╭─ WORKING DATA
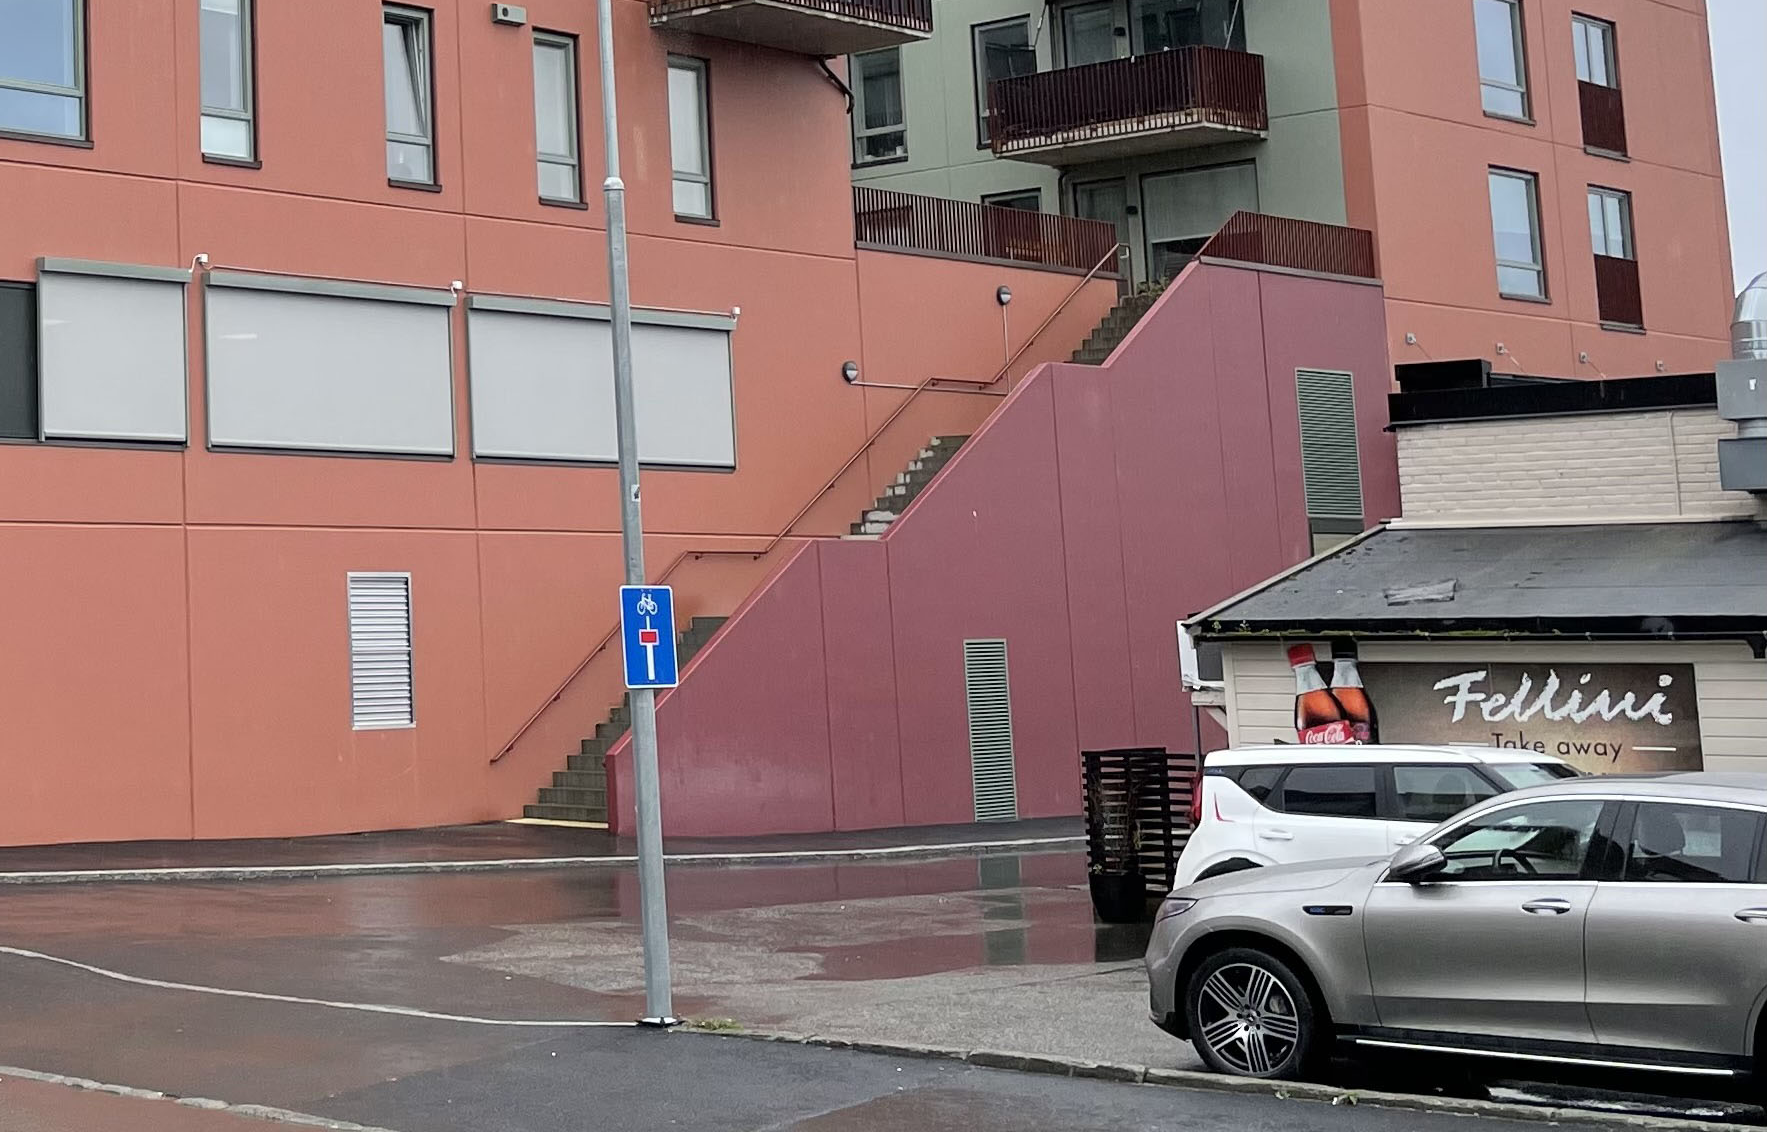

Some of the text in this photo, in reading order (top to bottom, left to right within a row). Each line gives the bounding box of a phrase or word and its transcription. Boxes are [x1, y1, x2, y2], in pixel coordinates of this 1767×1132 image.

[1433, 669, 1674, 726] Fellini
[1491, 731, 1624, 763] Take away
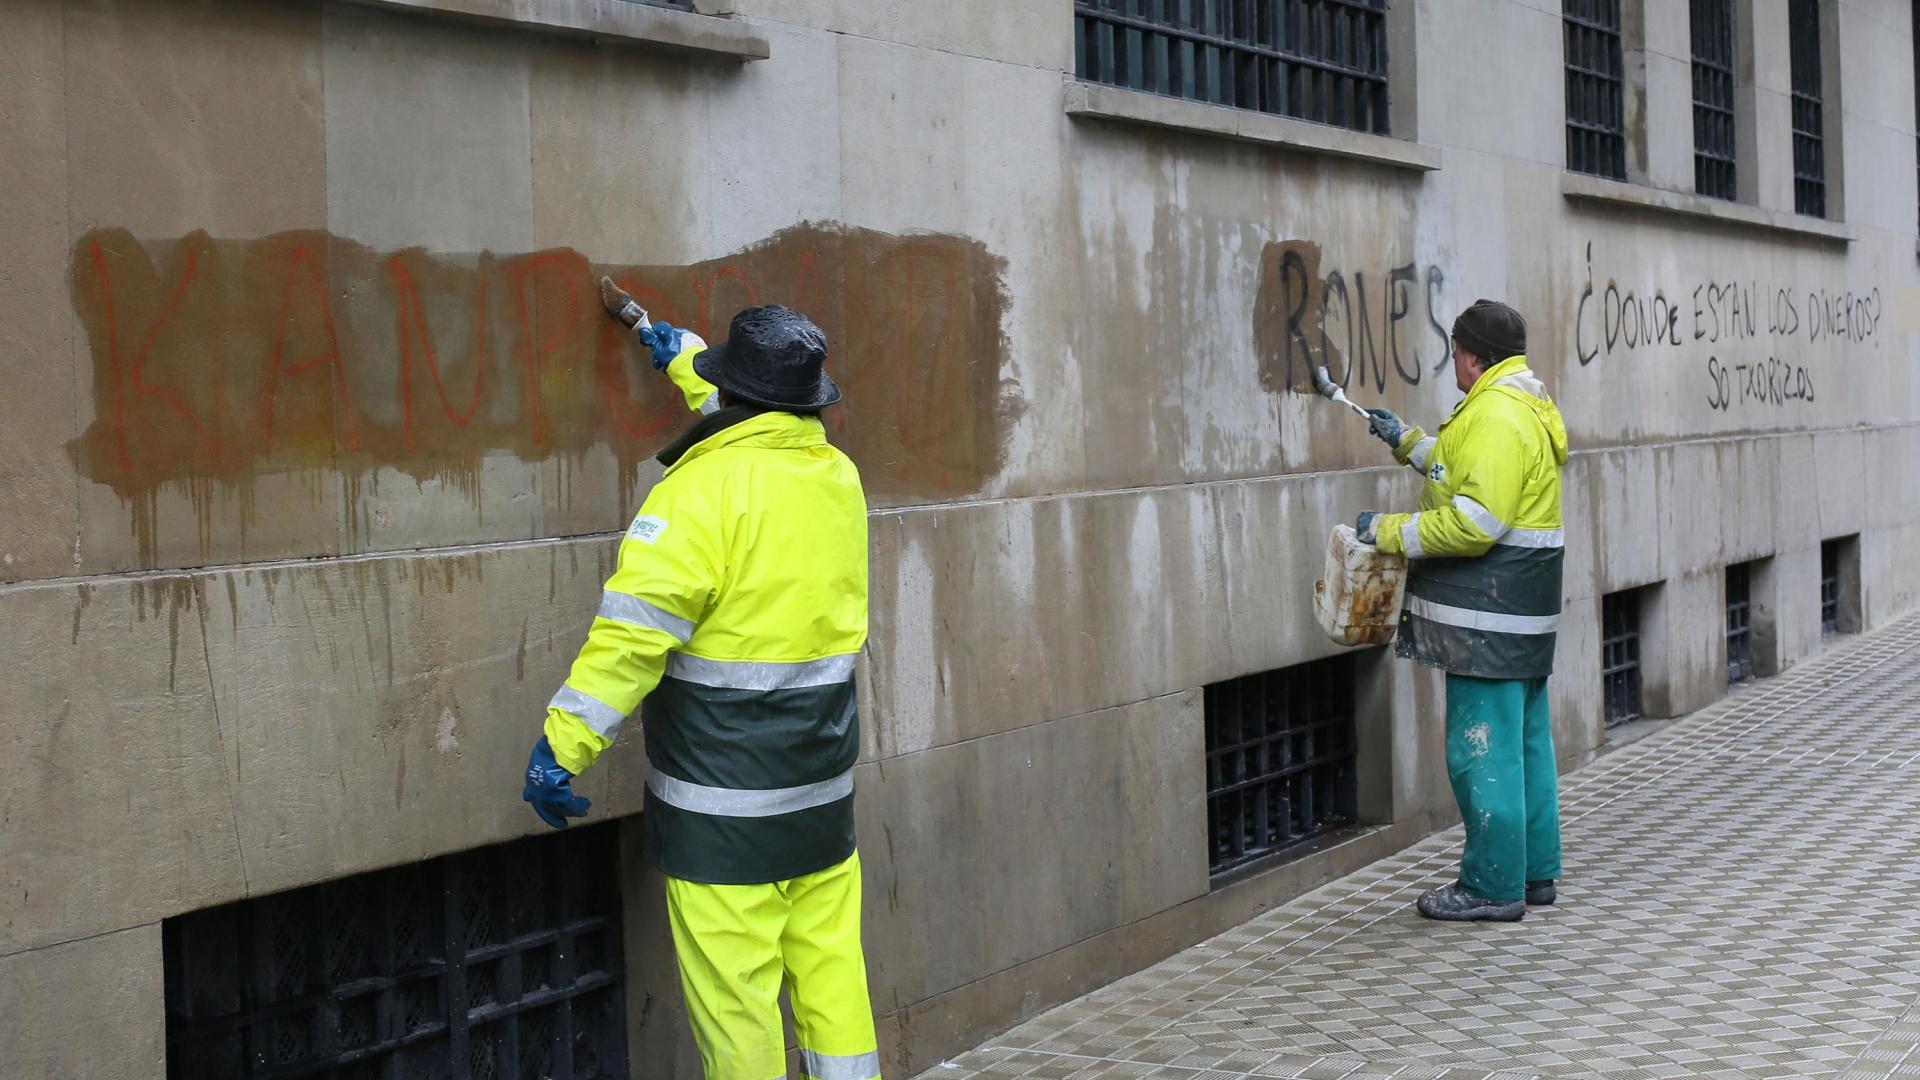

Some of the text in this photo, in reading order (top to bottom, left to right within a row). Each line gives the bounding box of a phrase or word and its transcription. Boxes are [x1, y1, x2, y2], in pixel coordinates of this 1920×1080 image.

[1693, 279, 1757, 343] ESTAN
[1767, 284, 1799, 335] LOS
[1707, 356, 1730, 412] SO
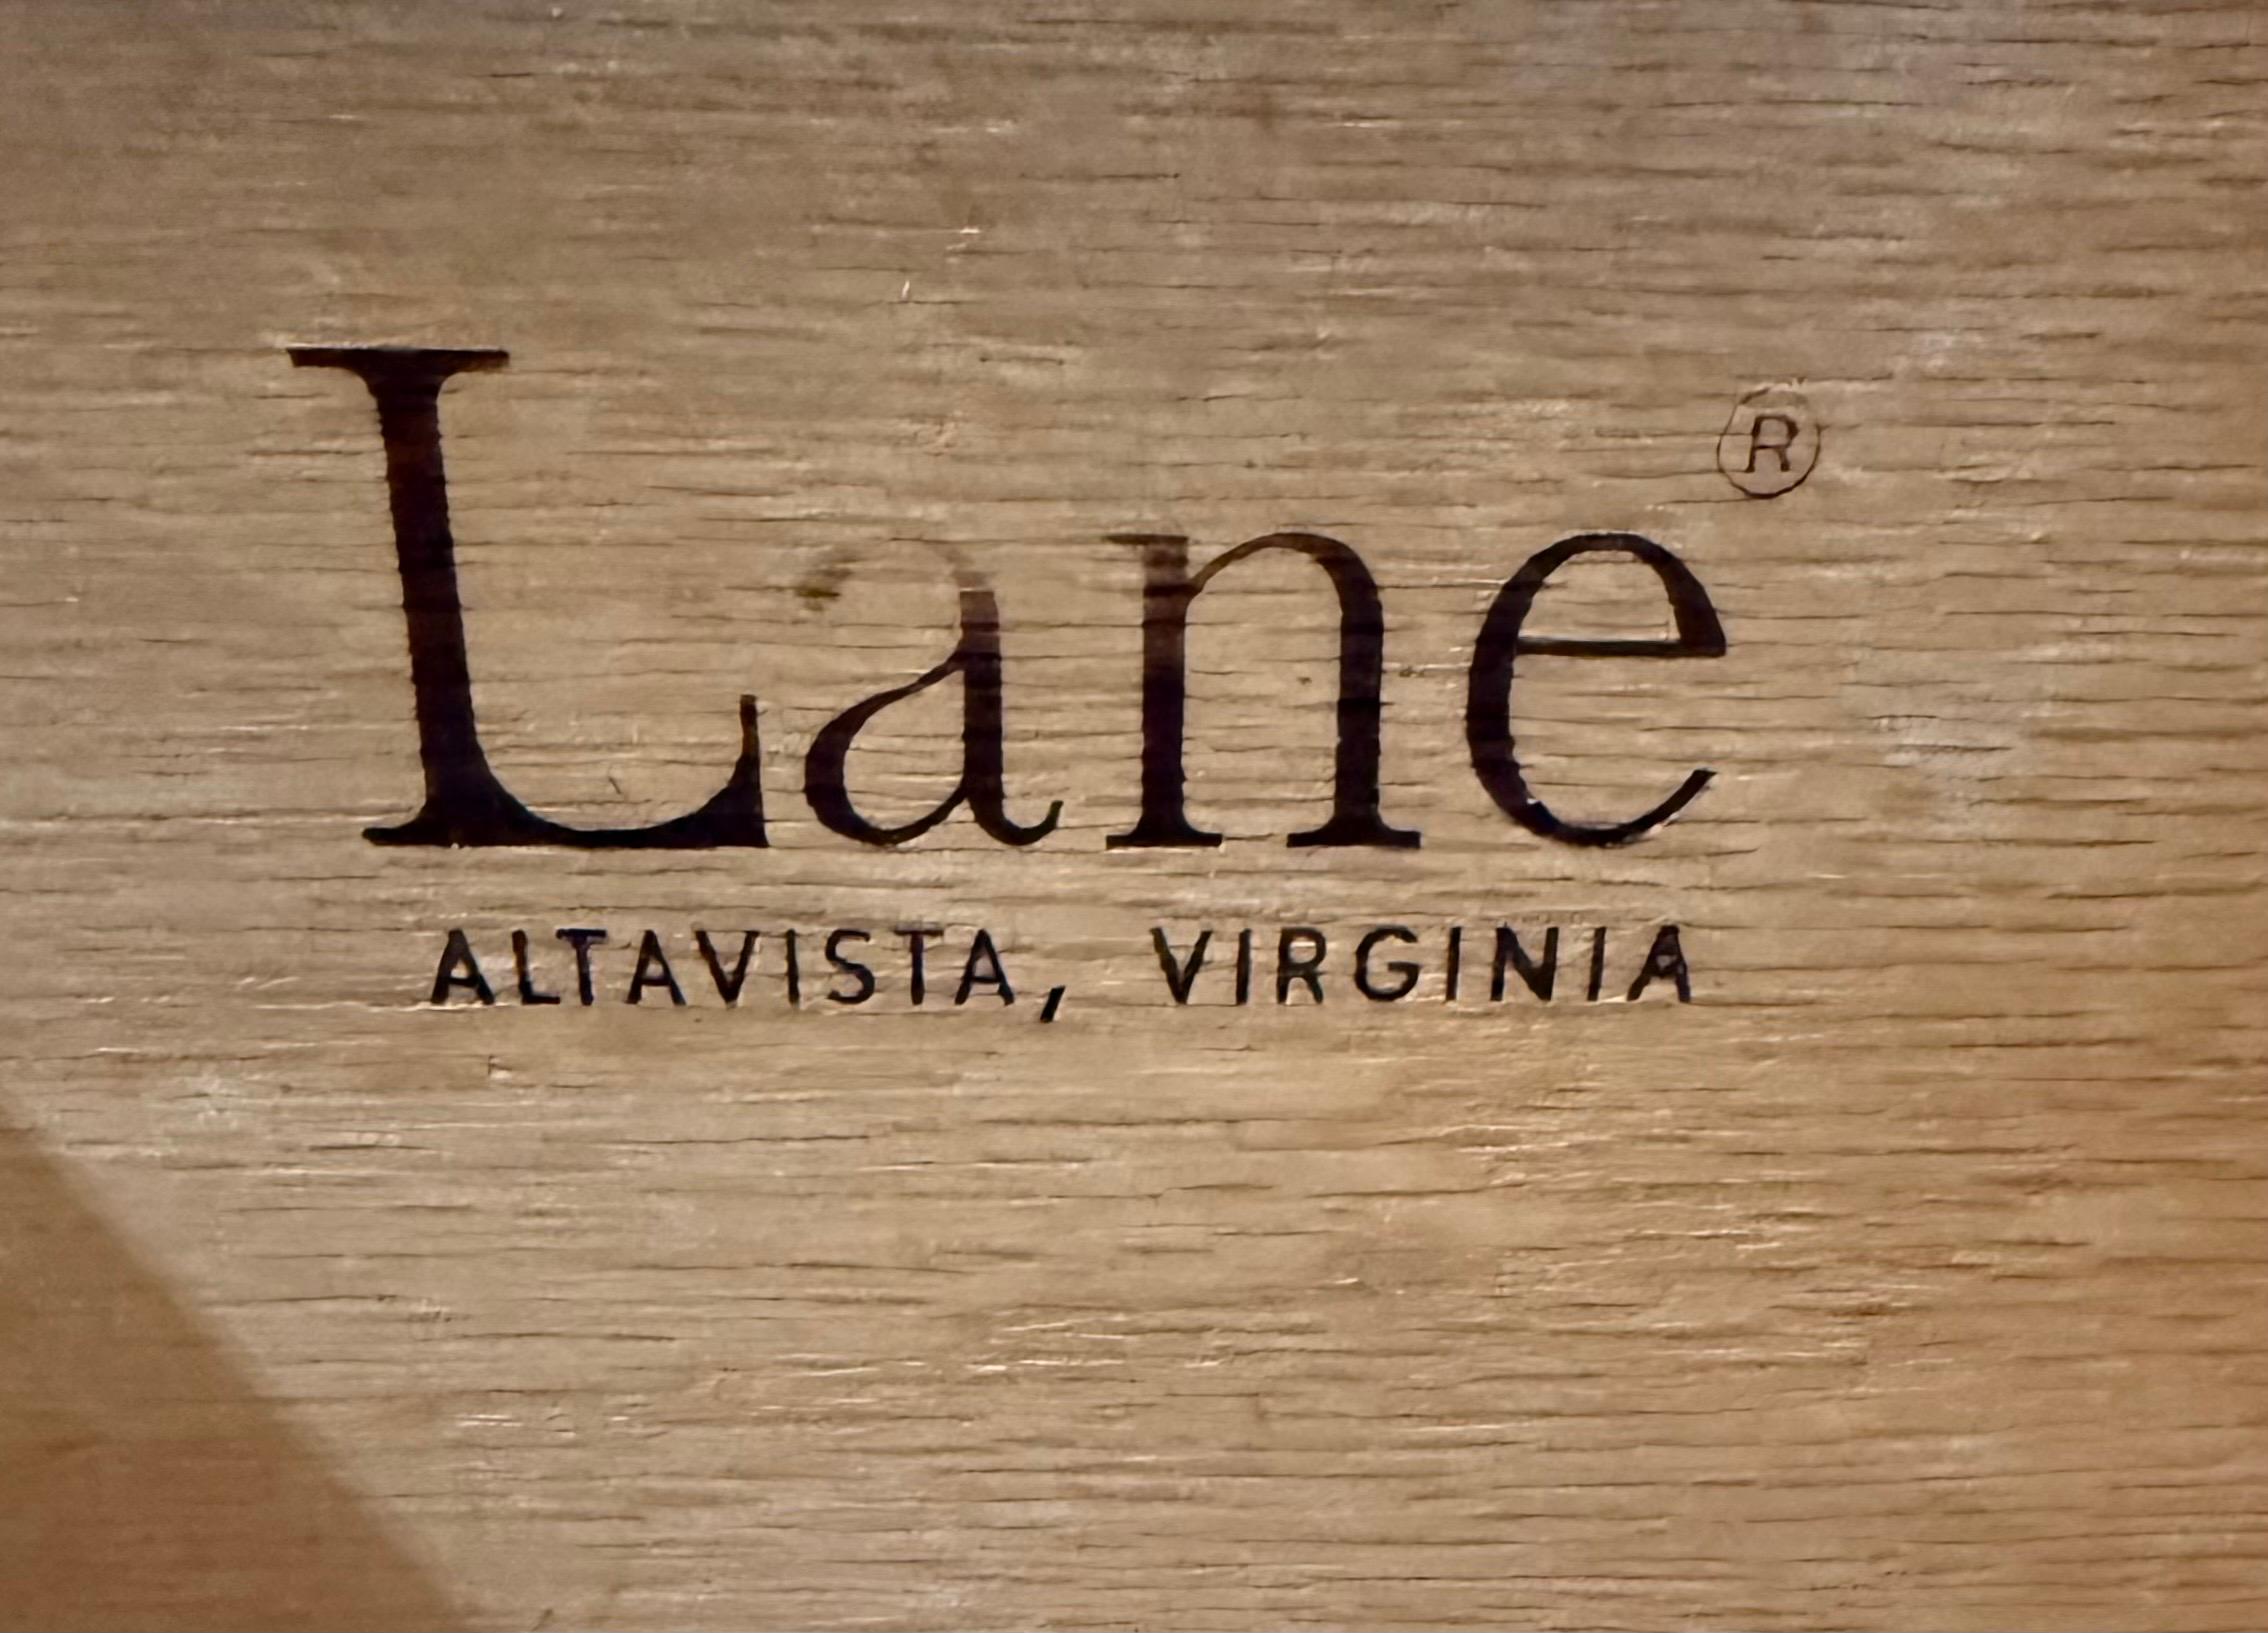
╰─
Reproduce the records verbatim, omitting all images they contain.

Some of the text in this photo, in reading order (top to bottom, left to right within a row). Each line gives the bounding box of a phrase or word and its transcription. Boxes are [x1, y1, x2, y2], in pixel coordinates of this 1767×1132 image.

[1433, 669, 1674, 726] Fellini
[1491, 731, 1624, 763] Take away

Some of the text in this photo, in reading order (top to bottom, left to right within a row). Each line gives the bounding box of a phrase or word and its transcription. Boxes are [x1, y1, x2, y2], in pixel coordinates of this 1920×1080 image.

[1693, 279, 1757, 343] ESTAN
[1767, 284, 1799, 335] LOS
[1707, 356, 1730, 412] SO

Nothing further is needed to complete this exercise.